Gli istituti bancari stanno correndo ai ripari implementando sistemi di “macchiatura” delle banconote, che rendono il denaro inutilizzabile in caso di apertura forzata, e rinforzando le blindature dei bancomat. A quanto pare, nel caso di via Lombardia, i sistemi di sicurezza passiva hanno svolto egregiamente il loro compito.
Rozzano e la sicurezza urbana: il punto della situazione
L’episodio di via Lombardia ha riacceso il dibattito sulla sicurezza a Rozzano. Sebbene si sia trattato di un colpo fallito, la violenza delle modalità preoccupa la cittadinanza. L’amministrazione comunale e le forze dell’ordine collaborano costantemente per monitorare il territorio, ma la vastità dell’area urbana e la vicinanza alle grandi arterie stradali rendono la città un bersaglio sensibile per le bande dedite ai furti veloci.
I residenti chiedono un ulteriore potenziamento del pattugliamento notturno, specialmente nelle zone commerciali e residenziali dove sono presenti sportelli bancari o postali. La risposta dello Stato, tuttavia, è stata pronta: la presenza costante dei Carabinieri della Tenenza di Rozzano rappresenta un presidio fondamentale per la legalità nel sud Milano.
Cosa fare in caso di rumori sospetti o esplosioni?
In situazioni come quella vissuta a Rozzano, la collaborazione dei cittadini è essenziale. Ecco alcuni consigli utili:
Non uscire in strada: In caso di boati o vetri infranti, è meglio restare in casa e allontanarsi dalle finestre.
Chiamare subito il 112: Anche se si pensa che qualcun altro lo abbia già fatto, ogni dettaglio può essere utile per le forze dell’ordine.
Osservare senza esporsi: Se possibile, cercare di notare marca, modello e colore di auto sospette, o la direzione di fuga, ma senza mai mettersi in pericolo.
Non toccare nulla: Se ci si trova vicino al luogo dell’evento, è fondamentale non calpestare o toccare oggetti che potrebbero essere prove cruciali.
Conclusione: una comunità che non si arrende
Il tentato furto a Rozzano si è concluso con un nulla di fatto per i ladri e, fortunatamente, senza danni alle persone.
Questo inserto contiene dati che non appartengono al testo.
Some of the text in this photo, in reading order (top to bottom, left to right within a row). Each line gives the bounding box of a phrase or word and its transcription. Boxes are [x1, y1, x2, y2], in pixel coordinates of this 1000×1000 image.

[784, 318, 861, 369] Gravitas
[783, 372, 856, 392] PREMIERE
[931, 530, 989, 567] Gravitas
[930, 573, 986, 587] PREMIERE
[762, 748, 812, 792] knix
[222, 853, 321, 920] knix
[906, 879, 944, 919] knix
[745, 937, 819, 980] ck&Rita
Restano però i danni materiali e il senso di insicurezza che eventi del genere portano con sé. La reazione rapida dei Carabinieri e l’attivazione immediata delle indagini dimostrano però che il territorio non è terra di nessuno.
Le indagini proseguiranno senza sosta nei prossimi giorni. La speranza è che, grazie ai rilievi in corso in via Lombardia e all’incrocio dei dati tecnologici, la banda possa essere assicurata alla giustizia quanto prima. Rozzano vuole continuare a essere una città dove la sicurezza e la legalità sono priorità assolute, e episodi come questo, pur nella loro gravità, servono a tenere alta la guardia e a rafforzare il legame tra cittadini e istituzioni.